Naming Culprits in the Financial Crisis

Discussion in 'Wall St. News' started by olias, Apr 14, 2011.

  1. olias


    NT Times

    GRETCHEN MORGENSON and LOUISE STORY, On Wednesday April 13, 2011, 8:53 pm EDT

    A voluminous report on the financial crisis by the United States Senate — citing internal documents and private communications of bank executives, regulators, credit ratings agencies and investors — describes business practices that were rife with conflicts during the mortgage mania and reckless activities that were ignored inside the banks and among their federal regulators.

    The 650-page report, “Wall Street and the Financial Crisis: Anatomy of a Financial Collapse,” was released Wednesday by the Senate Permanent Subcommittee on Investigations, whose co-chairmen are Carl Levin, a Michigan Democrat, and Tom Coburn, a Republican of Oklahoma.

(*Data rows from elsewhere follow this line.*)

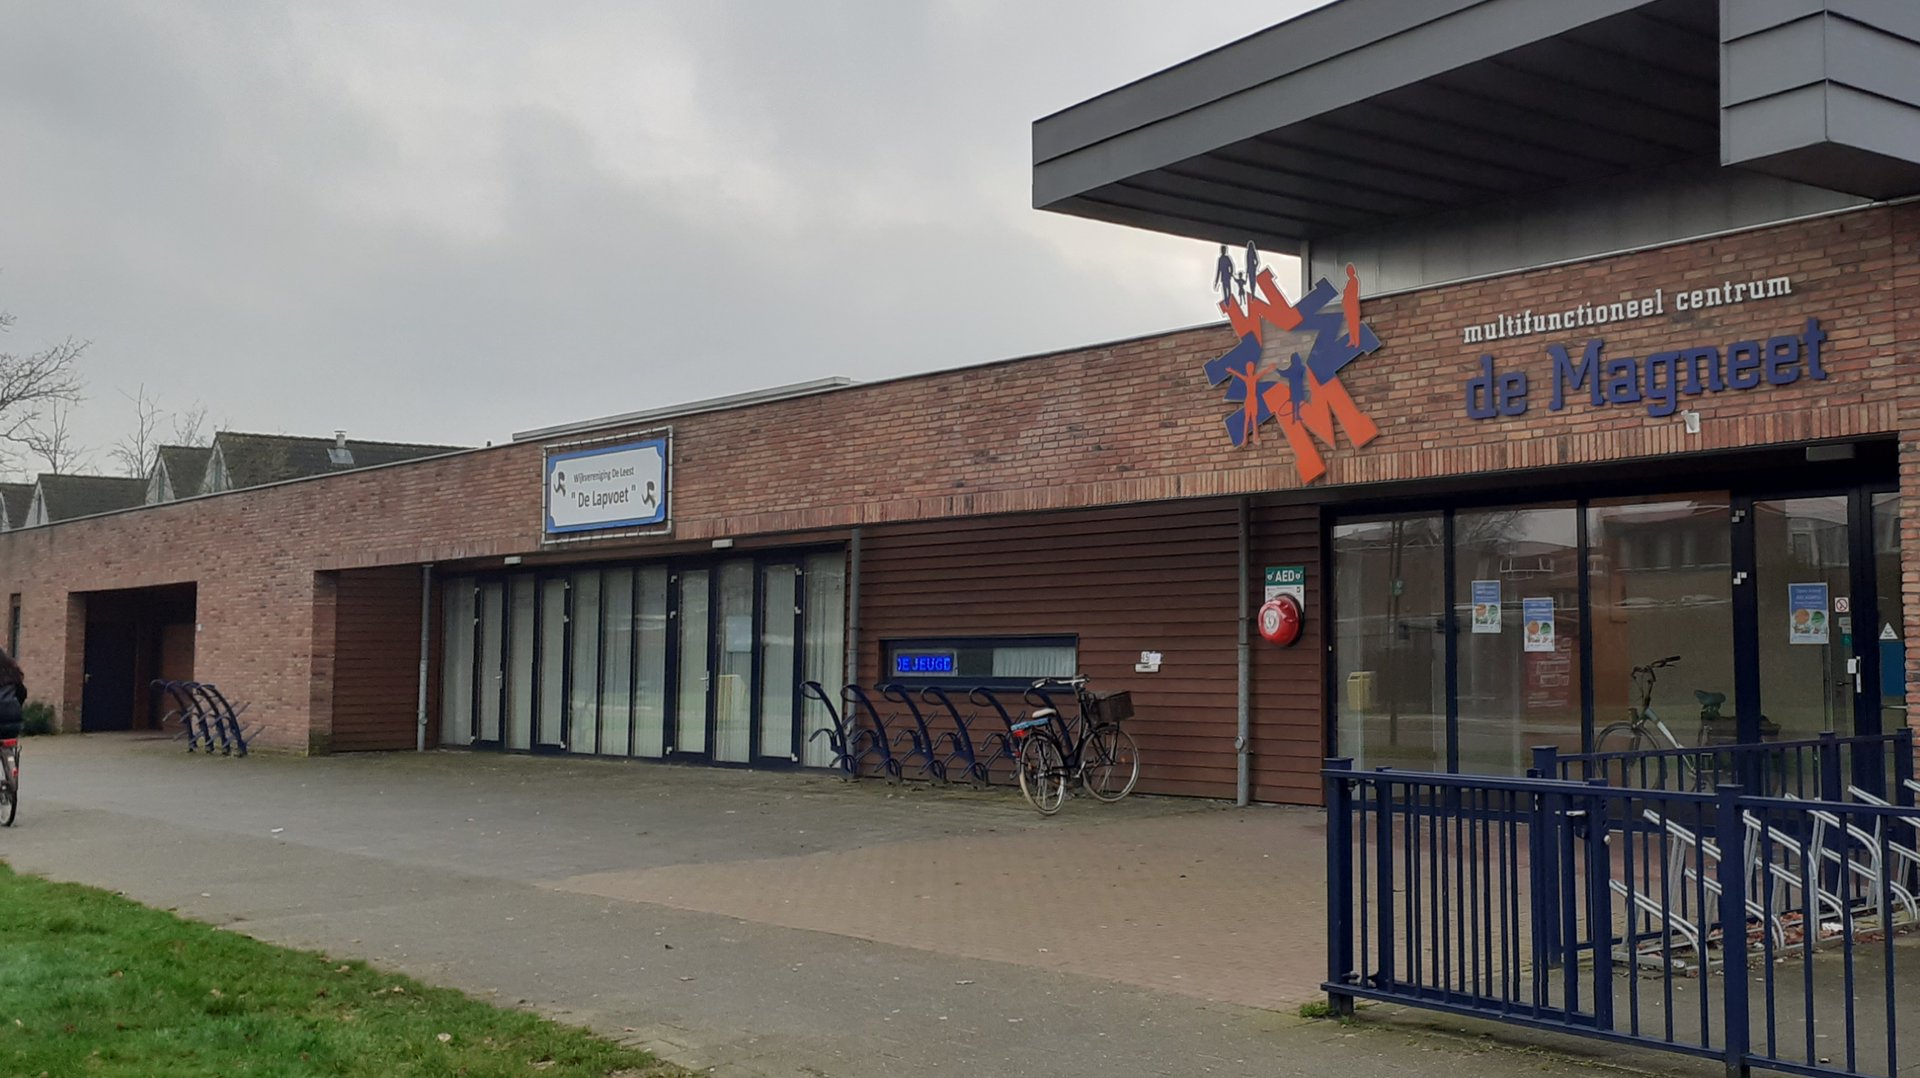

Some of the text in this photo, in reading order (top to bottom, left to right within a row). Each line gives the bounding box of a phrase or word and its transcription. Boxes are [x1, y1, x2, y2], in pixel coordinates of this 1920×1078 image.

[1463, 276, 1792, 343] multifunctioneel centrum
[1466, 317, 1827, 420] de Magneet
[574, 466, 634, 484] Wijkvereniging De Leest
[592, 487, 629, 510] Lapvoet
[1275, 569, 1295, 582] AED
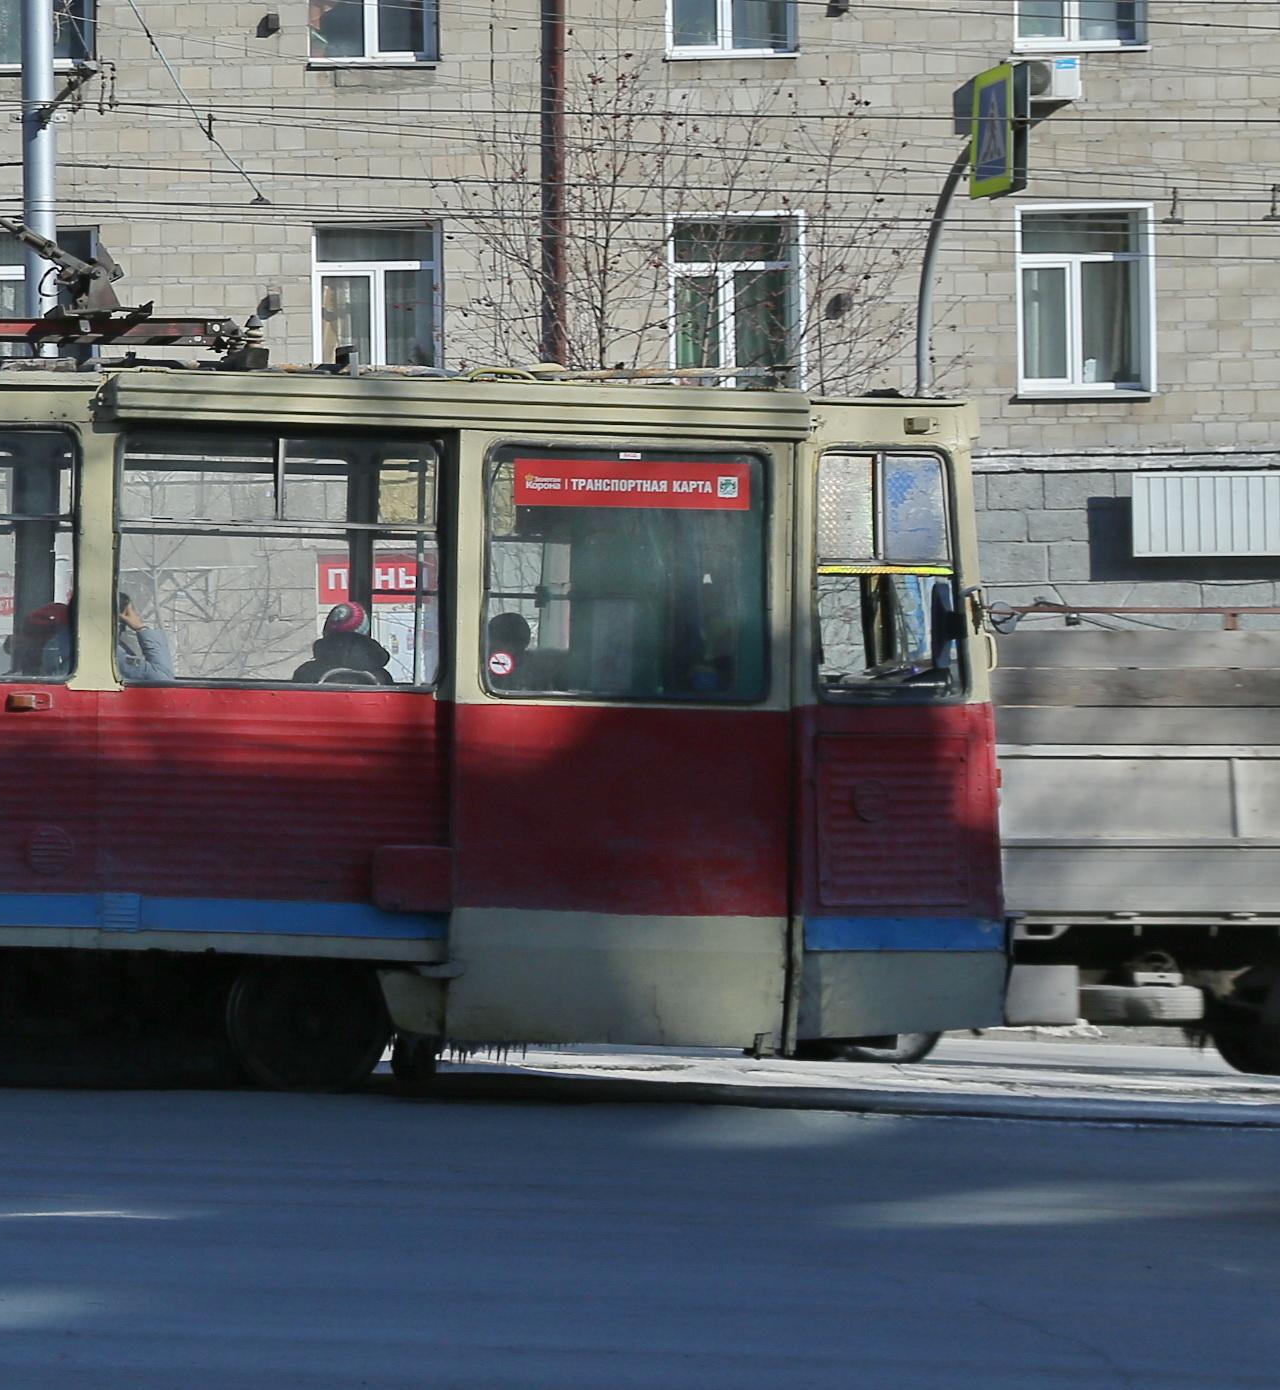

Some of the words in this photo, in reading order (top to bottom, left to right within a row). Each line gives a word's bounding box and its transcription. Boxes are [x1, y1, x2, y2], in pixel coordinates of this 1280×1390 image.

The result of two years’ work, the report focuses on an array of institutions with central roles in the mortgage crisis: Washington Mutual, an aggressive mortgage lender that collapsed in 2008; the Office of Thrift Supervision, a regulator; the credit ratings agencies Standard & Poor’s and Moody’s Investors Service; and the investment banks Goldman Sachs and Deutsche Bank.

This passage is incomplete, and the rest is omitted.